# Provided records:
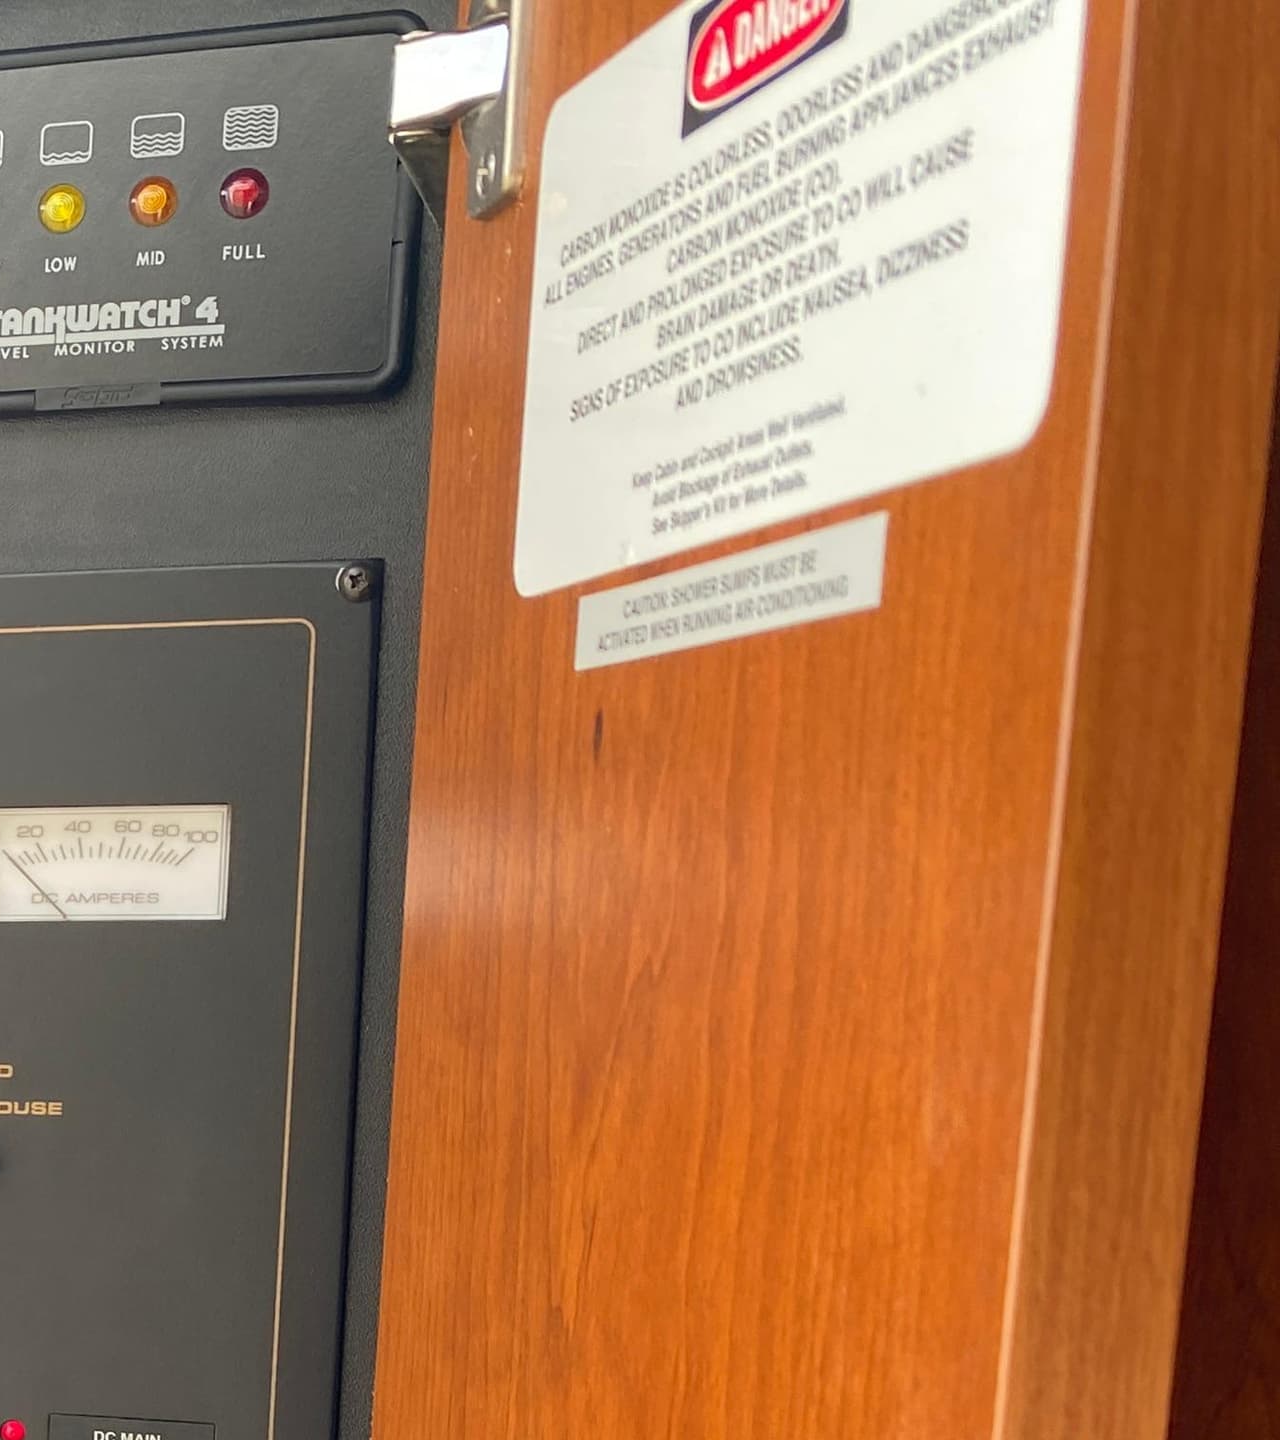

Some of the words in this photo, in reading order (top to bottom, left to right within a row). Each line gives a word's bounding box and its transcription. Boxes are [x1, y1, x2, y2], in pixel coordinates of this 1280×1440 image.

[560, 222, 606, 268] CARBON
[609, 181, 671, 238] MONOXIDE
[674, 174, 685, 197] IS
[667, 225, 722, 273] CARBON
[725, 178, 802, 242] MONOXIDE
[45, 257, 76, 272] LOW
[137, 251, 164, 266] MID
[223, 244, 265, 260] FULL
[196, 297, 218, 323] 4
[657, 312, 695, 349] BRAIN
[699, 277, 758, 329] DAMAGE
[761, 268, 782, 299] OR
[54, 341, 134, 356] MONITOR
[161, 336, 222, 350] SYSTEM
[677, 379, 702, 408] AND
[17, 825, 44, 838] 20
[64, 821, 91, 833] 40
[115, 820, 142, 832] 60
[152, 824, 180, 837] 80
[184, 831, 218, 843] 100
[30, 892, 59, 905] DC
[65, 893, 159, 904] AMPERES

# Task:
All of the entries must be reproduced exactly, with no pictures kept.

# Problem solution:
Some of the words in this photo, in reading order (top to bottom, left to right within a row). Each line gives a word's bounding box and its transcription. Boxes are [x1, y1, x2, y2], in pixel coordinates of this 1280×1440 image.

[560, 222, 606, 268] CARBON
[609, 181, 671, 238] MONOXIDE
[674, 174, 685, 197] IS
[667, 225, 722, 273] CARBON
[725, 178, 802, 242] MONOXIDE
[45, 257, 76, 272] LOW
[137, 251, 164, 266] MID
[223, 244, 265, 260] FULL
[196, 297, 218, 323] 4
[657, 312, 695, 349] BRAIN
[699, 277, 758, 329] DAMAGE
[761, 268, 782, 299] OR
[54, 341, 134, 356] MONITOR
[161, 336, 222, 350] SYSTEM
[677, 379, 702, 408] AND
[17, 825, 44, 838] 20
[64, 821, 91, 833] 40
[115, 820, 142, 832] 60
[152, 824, 180, 837] 80
[184, 831, 218, 843] 100
[30, 892, 59, 905] DC
[65, 893, 159, 904] AMPERES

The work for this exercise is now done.